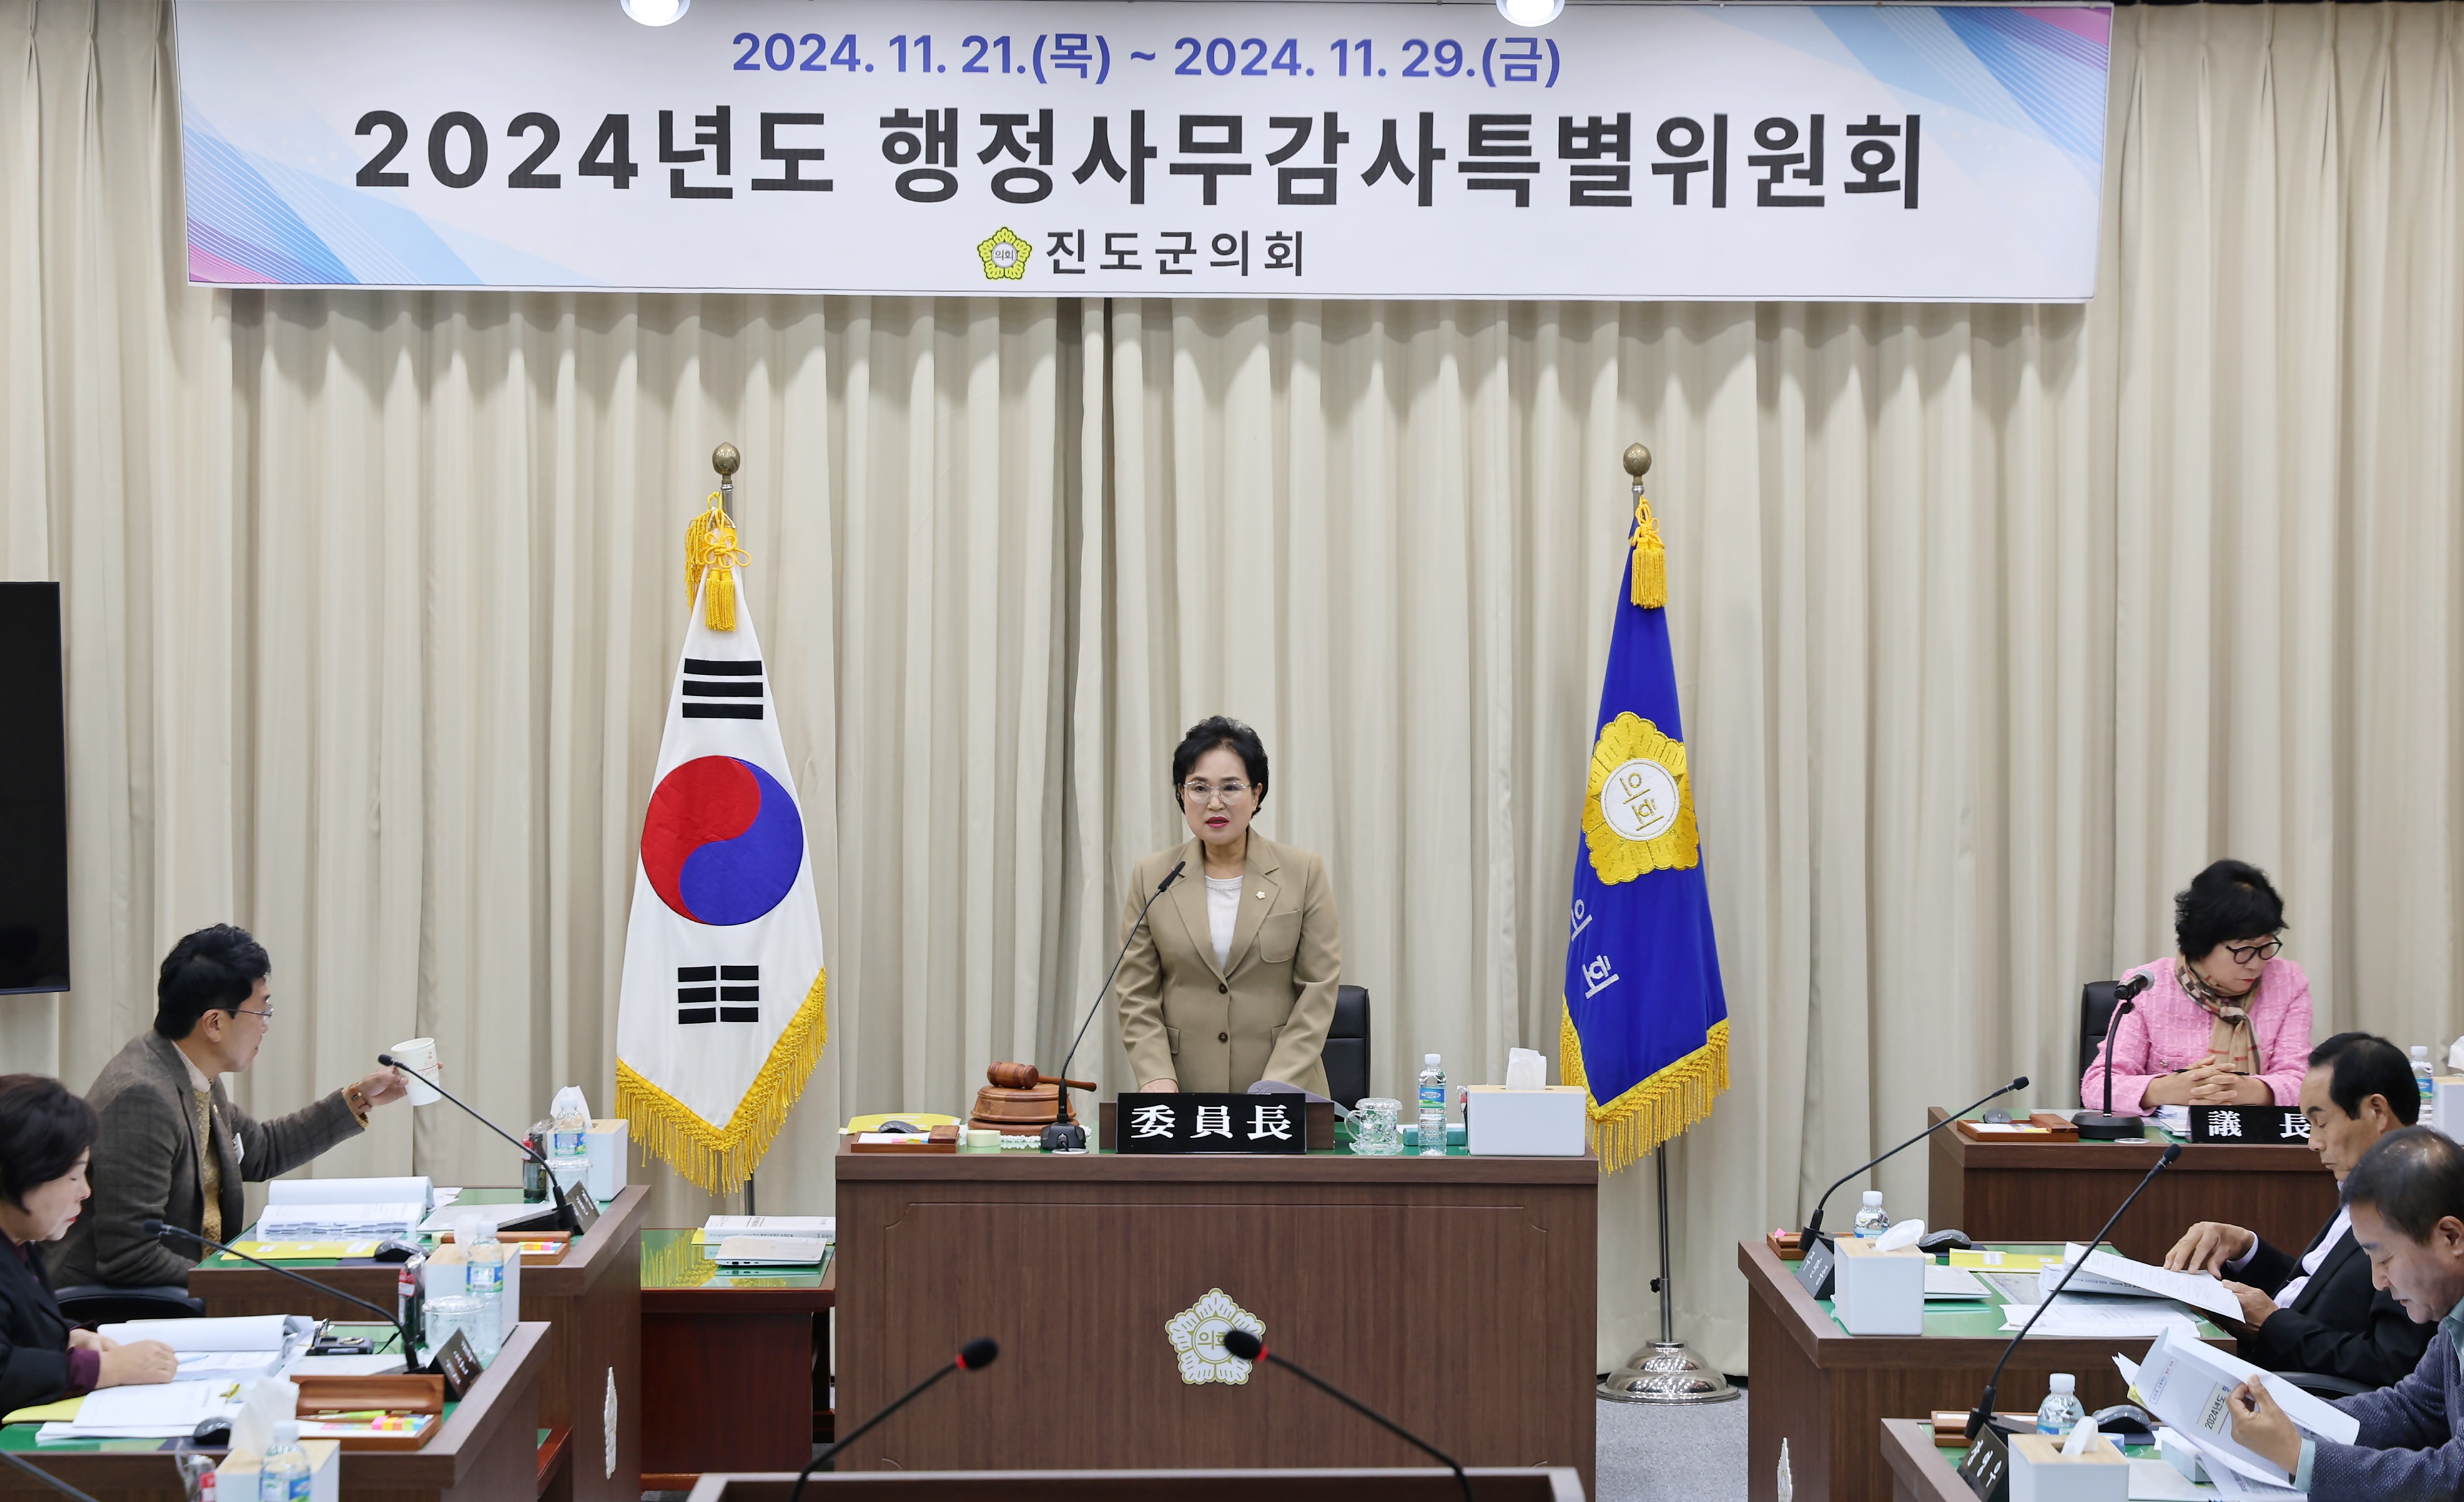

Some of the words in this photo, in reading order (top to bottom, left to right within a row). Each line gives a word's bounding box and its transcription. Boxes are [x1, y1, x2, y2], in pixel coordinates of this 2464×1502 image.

[734, 32, 874, 73] 2024.
[890, 34, 946, 73] 11.
[963, 33, 1110, 85] 21.(목)
[1175, 37, 1315, 77] 2024.
[1331, 39, 1387, 77] 11.
[1403, 37, 1560, 88] 29.(금)
[355, 105, 833, 200] 2024년도
[879, 107, 1921, 210] 행정사무감사특별위원회
[995, 249, 1013, 260] 의회
[1047, 229, 1303, 277] 진도군의회
[1130, 1104, 1293, 1141] 委員長
[2207, 1109, 2312, 1139] 議長
[2204, 1394, 2227, 1430] 2024년도
[1966, 1439, 2003, 1488] 장영우
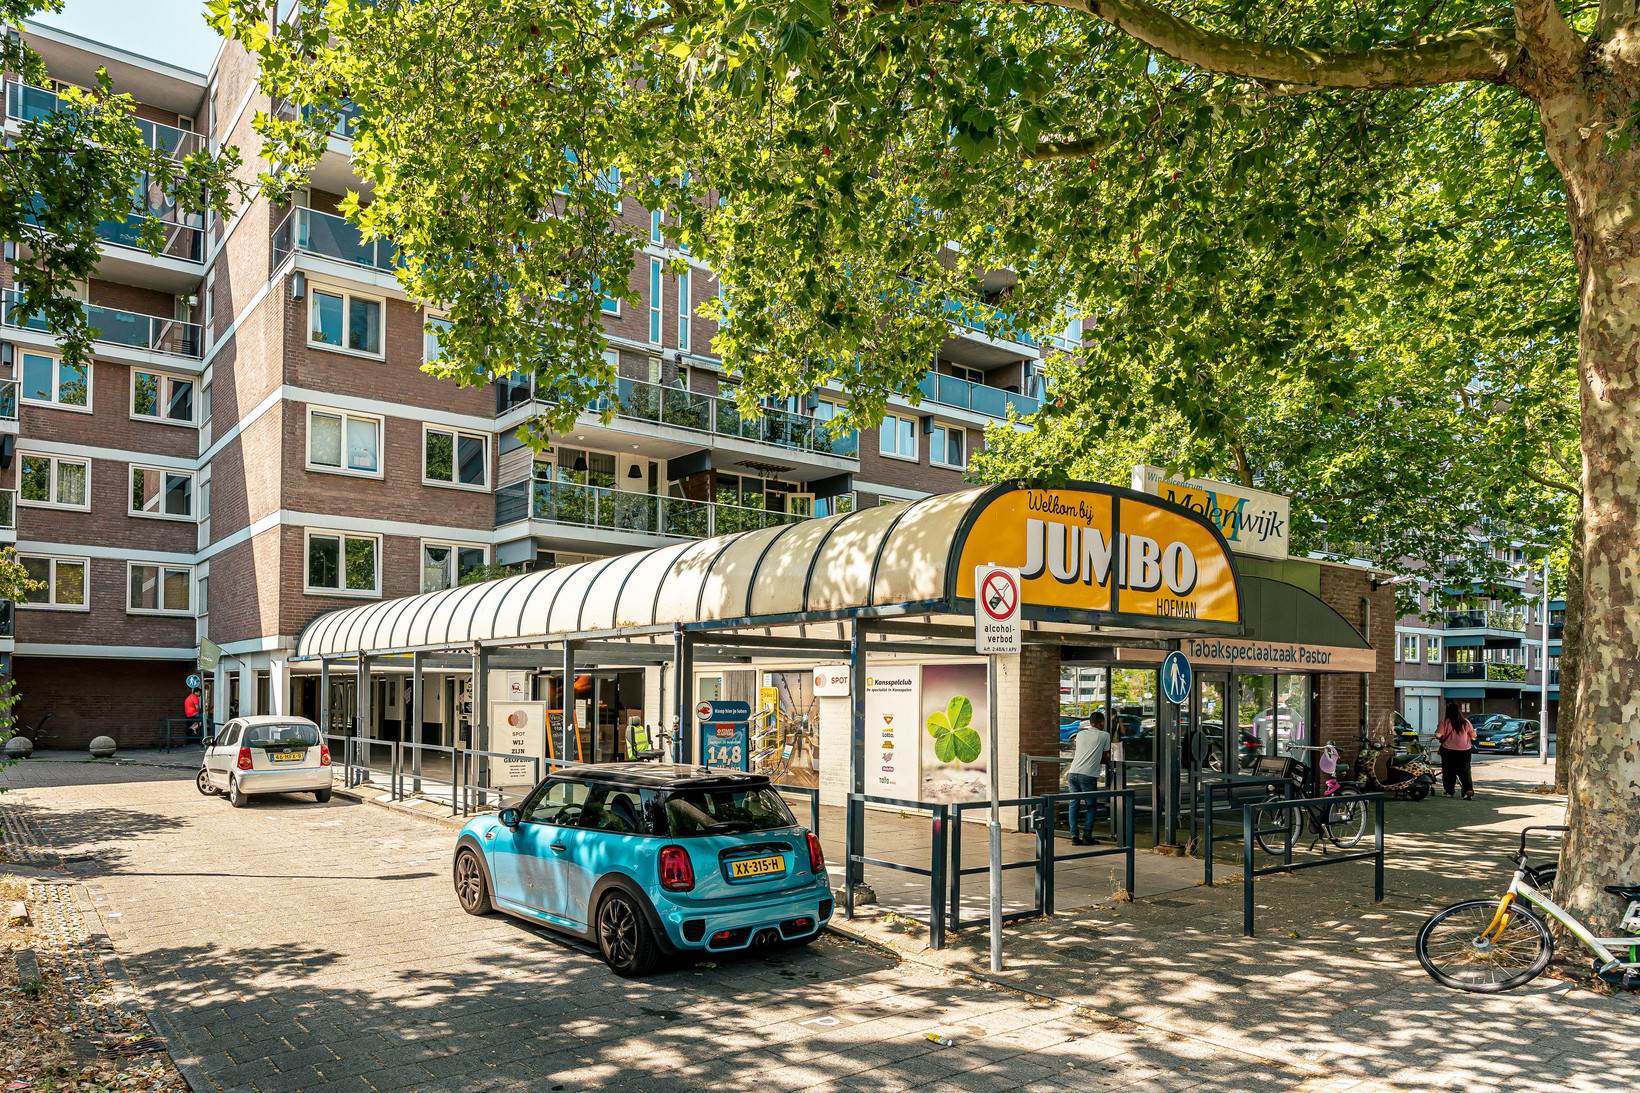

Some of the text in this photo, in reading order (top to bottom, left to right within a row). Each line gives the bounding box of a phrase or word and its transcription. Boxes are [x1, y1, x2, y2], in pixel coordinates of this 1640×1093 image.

[1147, 472, 1203, 491] Winkelcentrum
[1028, 491, 1095, 525] Welkom bij
[1166, 490, 1285, 542] Molenwijk
[1018, 518, 1198, 597] JUMBO
[1156, 598, 1197, 619] HOFMAN
[984, 624, 1015, 633] alcohol-
[987, 635, 1013, 643] verbod
[1187, 640, 1332, 665] Tabakspeciaalzaak Pastor
[874, 679, 912, 687] Kansspelclub
[708, 745, 742, 766] 14,8
[735, 858, 779, 875] XX-315-H

===============

=== WORK TASK ===
Omit the pictures. Repeat the rest of the data exactly.

=== TASK RESPONSE ===
Some of the words in this photo, in reading order (top to bottom, left to right within a row). Each line gives a word's bounding box and its transcription. Boxes are [x1, y1, x2, y2], in pixel coordinates of this 2464×1502 image.

[734, 32, 874, 73] 2024.
[890, 34, 946, 73] 11.
[963, 33, 1110, 85] 21.(목)
[1175, 37, 1315, 77] 2024.
[1331, 39, 1387, 77] 11.
[1403, 37, 1560, 88] 29.(금)
[355, 105, 833, 200] 2024년도
[879, 107, 1921, 210] 행정사무감사특별위원회
[995, 249, 1013, 260] 의회
[1047, 229, 1303, 277] 진도군의회
[1130, 1104, 1293, 1141] 委員長
[2207, 1109, 2312, 1139] 議長
[2204, 1394, 2227, 1430] 2024년도
[1966, 1439, 2003, 1488] 장영우

Some of the text in this photo, in reading order (top to bottom, left to right within a row). Each line gives the bounding box of a phrase or word and its transcription. Boxes are [x1, y1, x2, y2], in pixel coordinates of this 1640×1093 image.

[1147, 472, 1203, 491] Winkelcentrum
[1028, 491, 1095, 525] Welkom bij
[1166, 490, 1285, 542] Molenwijk
[1018, 518, 1198, 597] JUMBO
[1156, 598, 1197, 619] HOFMAN
[984, 624, 1015, 633] alcohol-
[987, 635, 1013, 643] verbod
[1187, 640, 1332, 665] Tabakspeciaalzaak Pastor
[874, 679, 912, 687] Kansspelclub
[708, 745, 742, 766] 14,8
[735, 858, 779, 875] XX-315-H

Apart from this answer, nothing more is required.